The regulatory time deadline set by the Securities and Exchange Board of India (Sebi) by when listed companies needed to appoint two unrelated persons to the positions of chairperson and managing director (MD) was April 1, 2022. Indian print media has reported that about 150 large-cap companies such as Reliance Industries, Adani Ports and Bajaj Finserv would have needed to split the positions of chairman and MD to comply with this regulatory requirement. Conveniently for companies with the same person serving as chairman and MD, on February 15, 2022, Sebi dropped this requirement for listed companies to have two unrelated persons as chairperson and MD and made it voluntary. This article examines the implications of this regulatory surrender and the absurd goings-on in the National Stock Exchange (NSE) between 2013 and 2017.

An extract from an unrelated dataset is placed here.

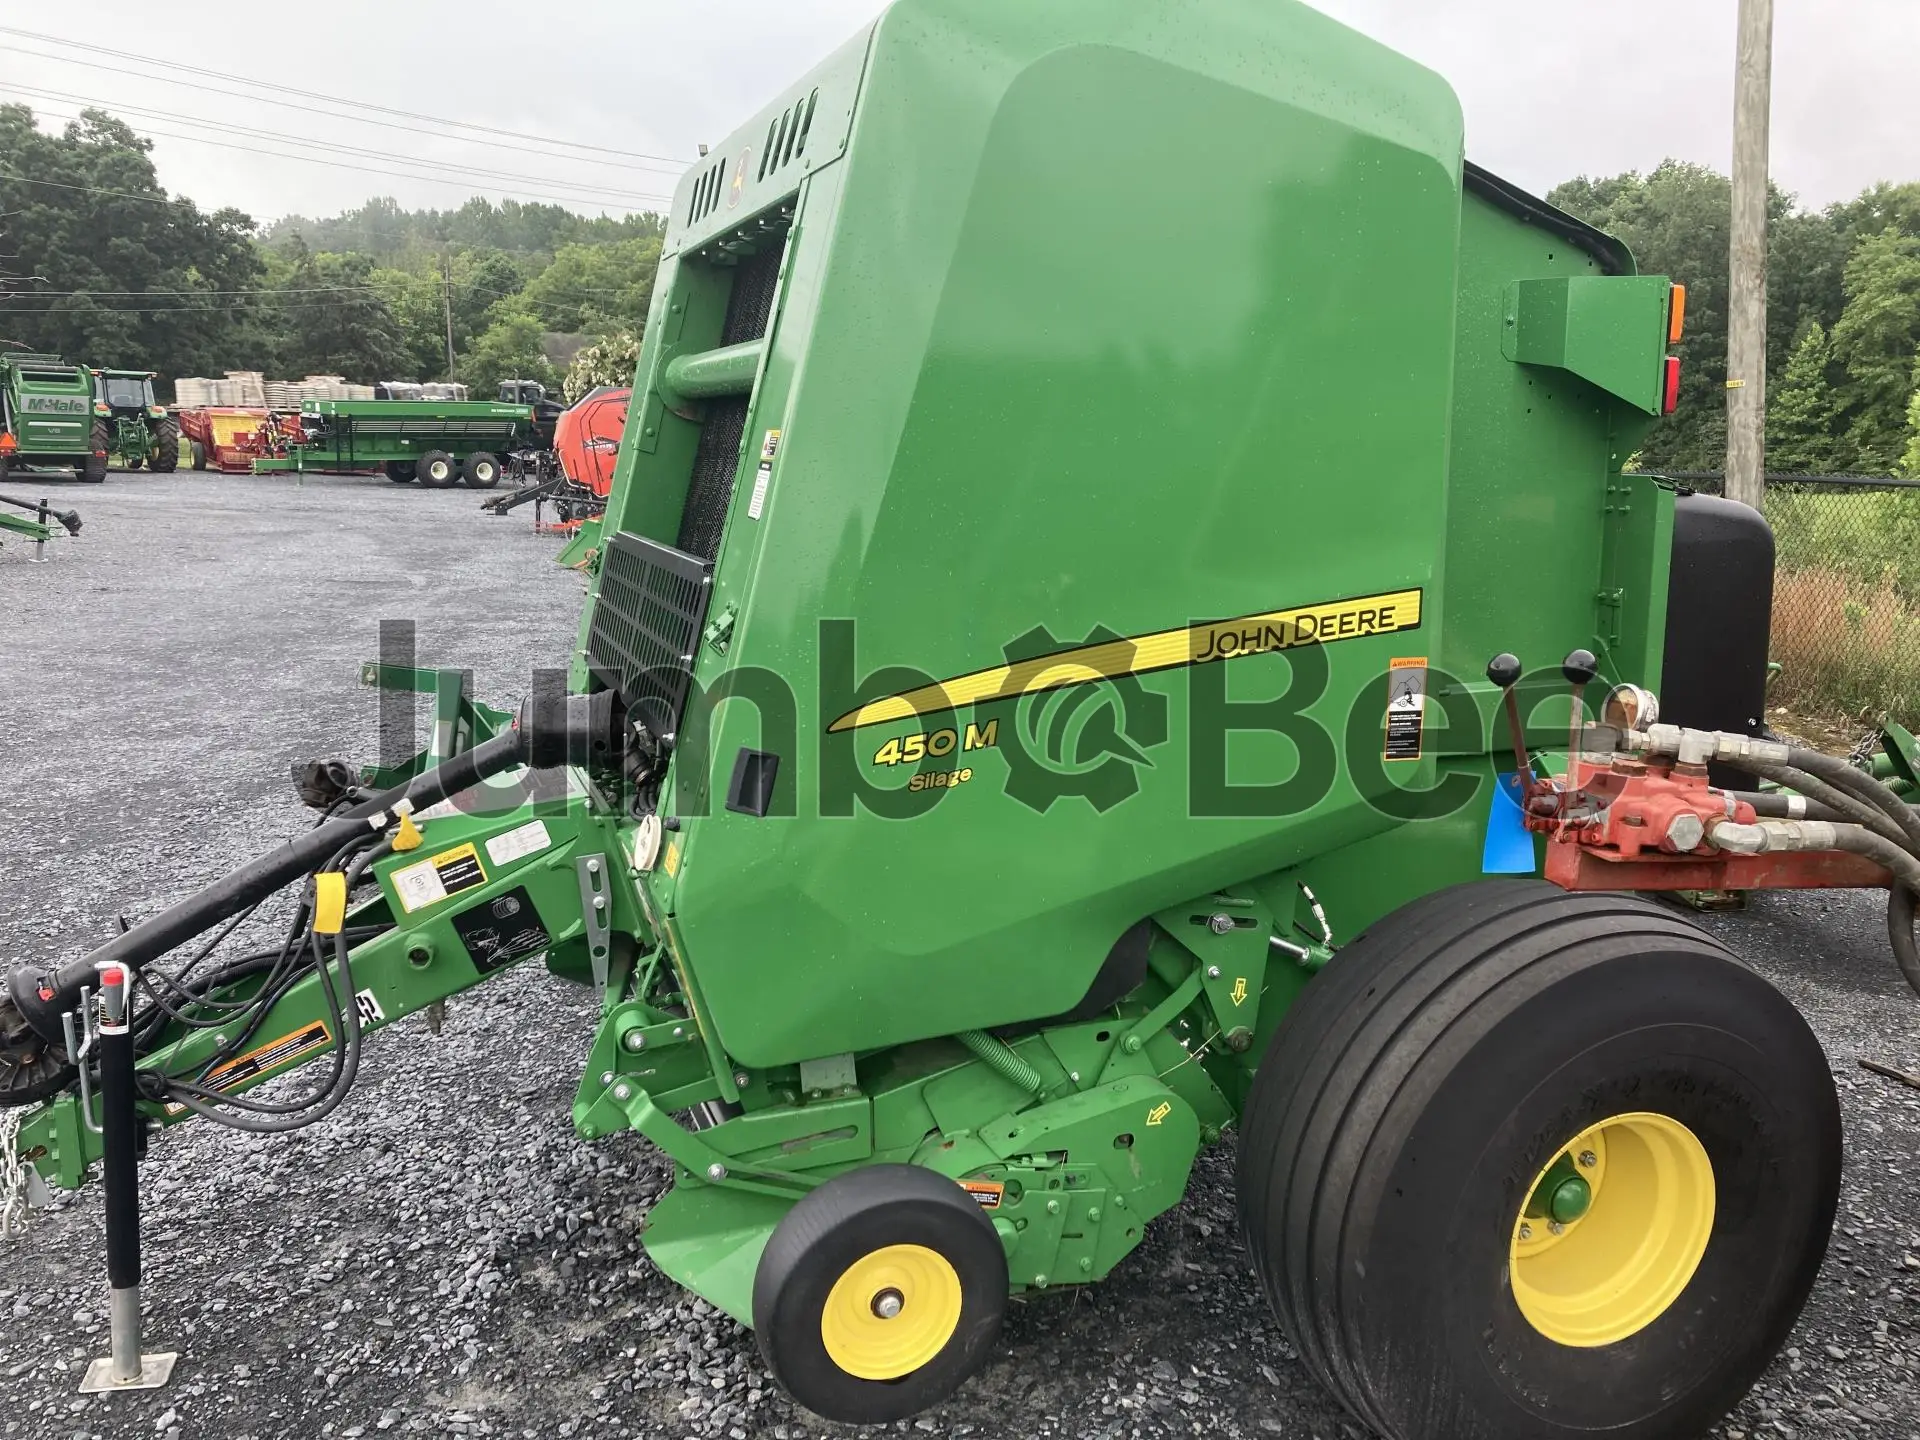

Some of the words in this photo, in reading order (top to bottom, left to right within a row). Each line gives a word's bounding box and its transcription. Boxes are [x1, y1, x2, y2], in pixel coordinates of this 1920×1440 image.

Now to turn to the pathetic real-life drama surrounding the performance of the MD and the board of a deservedly acclaimed company called the National Stock Exchange (NSE). Ms Chitra Ramkrishna (CR) took over as MD of NSE in April 2013 and Anand Subramanian (AS) was appointed thereafter as “chief strategic officer” — whatever that means. It is surprising that the NSE board acquiesced in this dubious appointment of a person who did not have the relevant qualifications. Over the next few years there were several enhancements in AS’s remuneration, finally ending up at around Rs 4 crore per annum. According to media reports, these increases in AS’s salary were at the behest of the MD. However, the extraordinary salary hikes had to be known to board members. Even if no formal approval was granted by the board, rumours would have been rampant within the NSE about repeated raises in AS’s emoluments at CR’s initiative. In fact, several anonymous complaints about AS and CR were sent by NSE staff to Sebi. Perhaps the feeling at the NSE’s working levels was that no useful purpose was served by petitioning NSE board members since they were complicit.
The NSE was set up in the wake of the wrongdoings of several chairpersons/senior managers of major public and private sector financial sector institutions during the Harshad Mehta 1992 scam episode. Given this background, it is more than surprising that the NSE board took three years from 2013-2016, after AS’s appointment in 2013, to presumably indicate to CR that she would be dismissed, and she chose to pre-emptively resign on November 29, 2016. It is extremely strange that NSE board members and its senior management did not feel the need for NSE to make public a comprehensive internal investigation in the five years from when CR resigned in 2016 till the end of 2021. A likely explanation could be that the NSE board and management felt that sweeping the CR related dirt under the carpet would make the NSE’s public listing process smoother.
Illustration: Binay Sinha
It may be recalled that the then chairperson of NSE was quoted in The Economic Times of July 6, 2016, as saying that a “credible road map had been put in place for listing NSE.” It was also reported that by January 2017, NSE expected to file papers for an initial public offering with Sebi. The New York Stock Exchange went public in March 2006 and other exchanges located in developed country jurisdictions have been listed for some time. It would thus be a reasonable assumption that the need to avoid any negative news about NSE, relating to CR and AS, prior to its envisaged listing took precedence over all other considerations at NSE.